Sony, Samsung and LG are the market-leading brands most likely to suffer should Apple decide to launch its mooted Apple TV concept. In the UK, a sizeable 38% of current Sony TV owners and 36% of Samsung TV owners claimed they find the idea of an Apple TV appealing and would buy one. In the US, the brand most at risk from the concept is LG, where 3 in 10 (31%) of owners would be likely to convert should an Apple TV become available.

Approximately 3 in 5 US consumers questioned who were very likely to buy the TV said they trust Apple to produce a high quality TV set (59%), a sentiment echoed by UK consumers (62%). Design also features highly in respondents’ reasons to purchase with over half of all those likely to buy claiming that Apple’s reputation in ground-breaking design would no doubt also be used in TV (52% in US and 58% in the UK).

MD of KAE, David Rankin said, “Although this wave of research looked only at the USA and UK, we believe that the greatest revenue opportunities in 2013-15 for an Apple TV set are clustered in the ‘home territories’ of Apple’s TV competitors – i.e. Japan, Korea and China. We’re excited at the prospect of measuring that potential and the impact that success will have on Apple’s share price.”

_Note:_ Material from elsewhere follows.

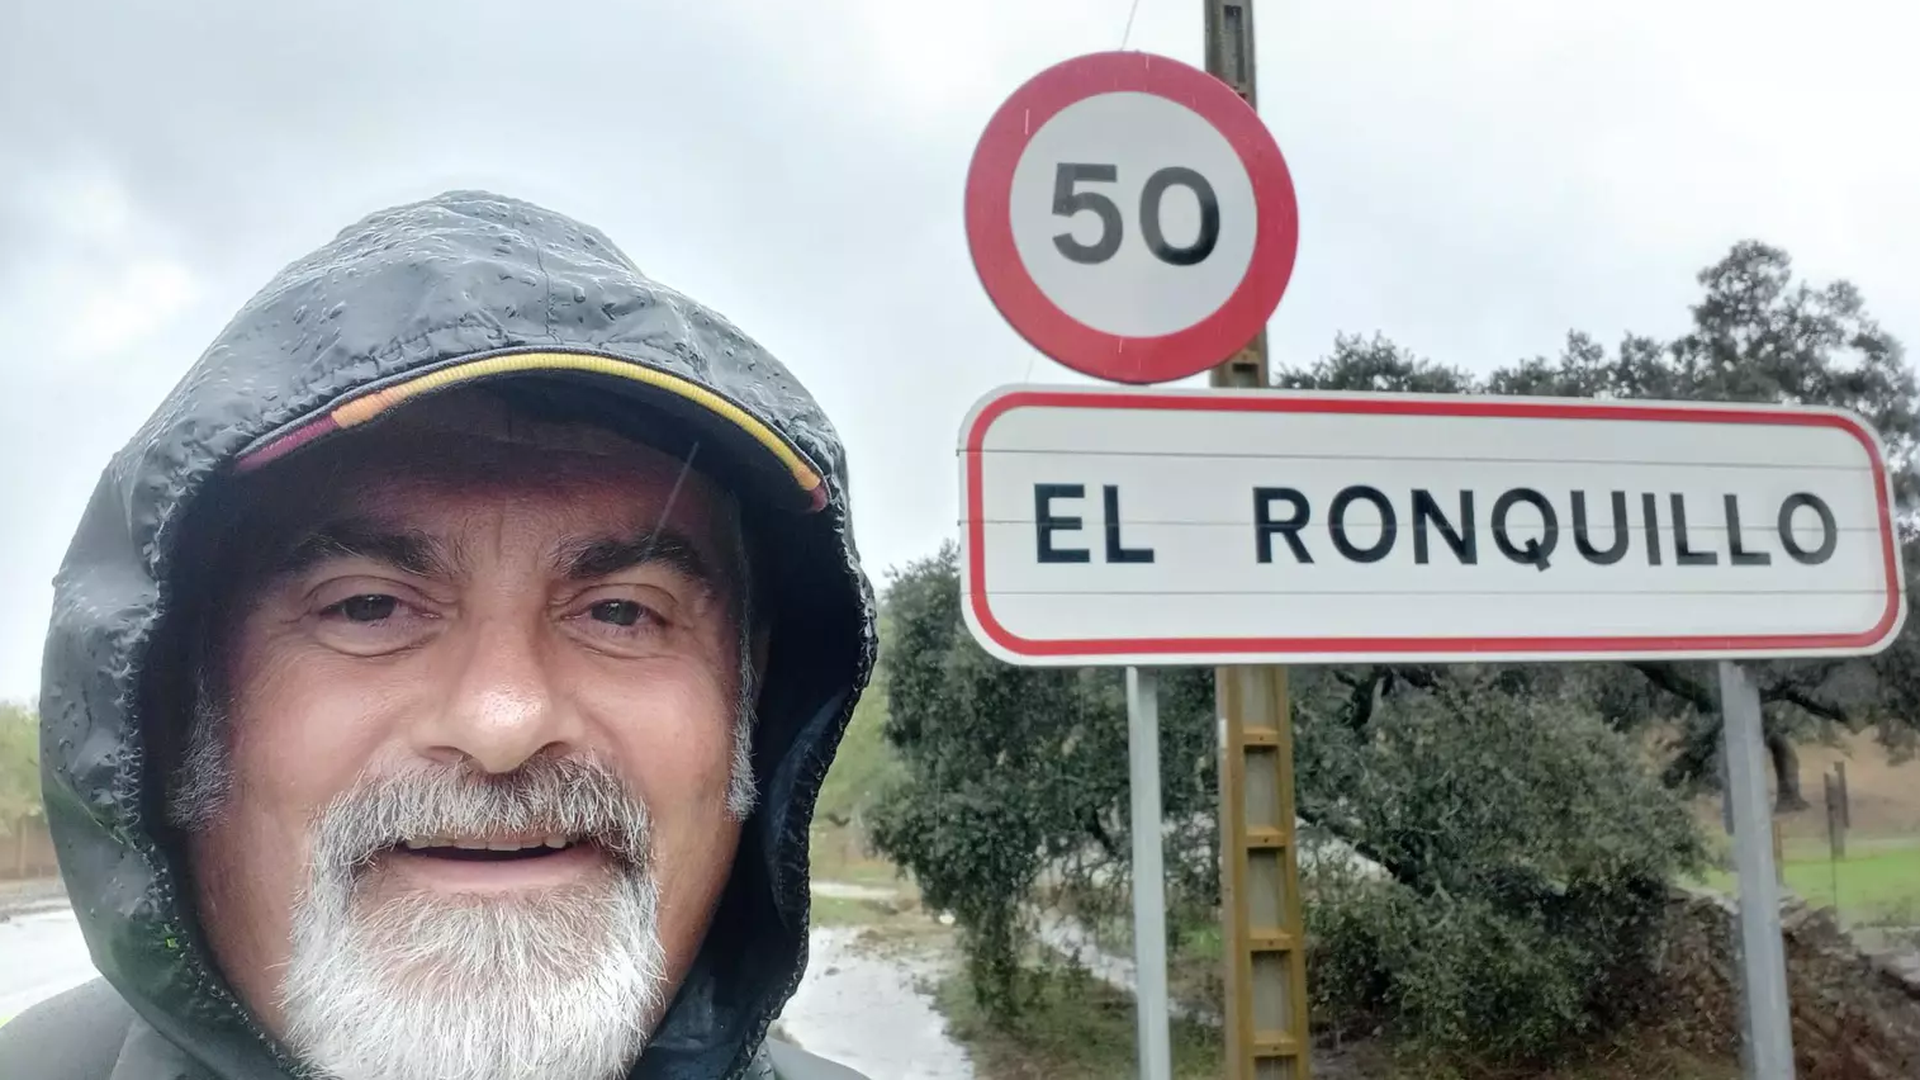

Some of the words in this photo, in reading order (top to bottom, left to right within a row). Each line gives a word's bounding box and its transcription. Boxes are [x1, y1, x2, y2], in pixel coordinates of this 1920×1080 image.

[1052, 163, 1221, 267] 50
[1034, 484, 1154, 564] EL
[1253, 485, 1838, 571] RONQUILLO

Consumers were asked which features they felt an Apple TV set would be equipped with: The top anticipated feature for potential customers of the unconfirmed Apple TV set is similar for both countries, which is the ability to connect to the internet (73% in the US & 75% in the UK). The other top features selected by potential US customers were running apps on TV (44%) and the ability to synchronise automatically with other Apple devices (41%). For the UK market the other two main features expected were the ability to synchronise automatically with other Apple devices (47%) and for the device to be 3D enabled (41%).

The nationally representative KAE Toluna survey was conducted across the US and the UK, with a total sample size of 5,892 (2,921 respondents from the US and 2,971 respondents from the UK). The article’s based on the opinions of those who currently have a TV at home – 5,747 (UK – 2,891; US – 2,856). The profile of those consumers who find it appealing and would buy an Apple TV set comprised men and women aged 25-44, living in city centres or city suburban areas, with an average monthly income of between £1500-£2999 in the UK; and men and women aged 25-44, earning on average over $5000 monthly in the US.

Source: KAE

[Thanks to MacDailyNews Reader “Fred Mertz” for the heads up.]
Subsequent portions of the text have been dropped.